Location
- La Prairie, Quebec Canada 45°24′48″N 73°28′58″W﻿ / ﻿45.41333°N 73.48278°W

Information
- Funding type: Private
- Motto: Latin: Veritas liberabit vos ("The truth will set you free")
- Established: 1890 (1972 as JDLM)
- Director(s): Serge Courtemanche (2005-2010) Richard Myre (2010-2021) Sylvie Dupuis (2021-Present)
- Enrollment: ~1,750
- Team name: Amiral
- Website: www.jdlm.qc.ca

= Collège Jean de la Mennais =

Collège Jean de la Mennais is a French private mixed secondary school on the South Shore of Montreal, Québec, Canada at 870 Chemin de Saint-Jean in the municipality of La Prairie. As of 2007, the school had about 1750 elementary and high school students. Collège Jean de la Mennais was once directed by religious brothers, although today it is directed by a secular administration. The faculty is mixed between secular and religious personnel. On the school grounds there is a private cemetery which holds the graves of brothers connected to the school.

==History==
The institution was officially founded by the Brothers of Christian Instruction in 1890, an international Christian educational organization founded in 1819 in France by two priests: Gabriel Deshayes and Jean-Marie Robert de la Mennais for the instruction of youth that has education institutions all over the world.
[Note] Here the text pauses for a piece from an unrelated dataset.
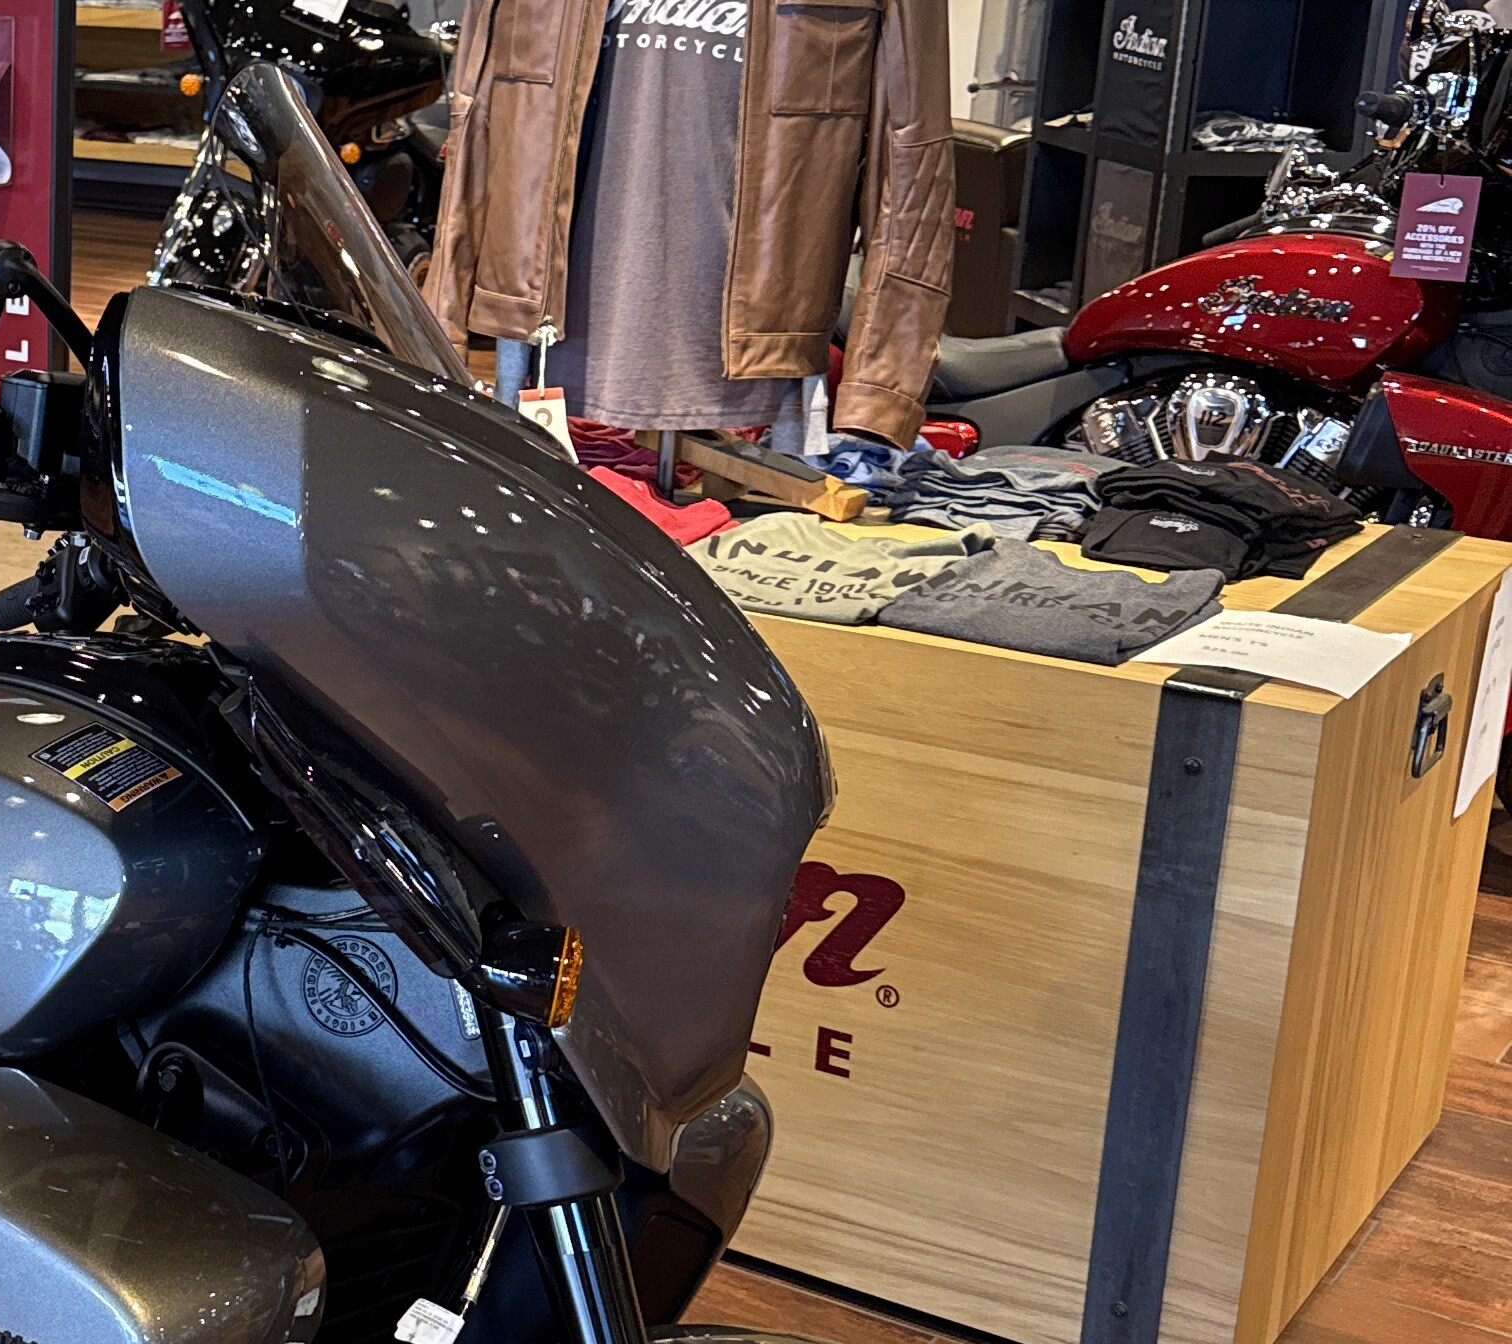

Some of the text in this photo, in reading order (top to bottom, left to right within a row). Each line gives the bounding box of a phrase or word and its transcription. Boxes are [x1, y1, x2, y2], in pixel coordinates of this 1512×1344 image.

[1198, 274, 1354, 323] Indian
[712, 565, 799, 591] SINCE
[80, 747, 121, 769] CAUTION
The school was named Jean de la Mennais in 1972 in honor of de la Mennais. Other schools in many other countries including France and Japan have the same or very similar name to Jean de la Mennais. Although it only had high school beforehand, elementary grades 5 and 6 were introduced in 1999.

==Today==

===Environment===
The school is equipped with classrooms, science labs, a dance studio, two sport complexes with a pool and three gyms including one synthetic grass gym.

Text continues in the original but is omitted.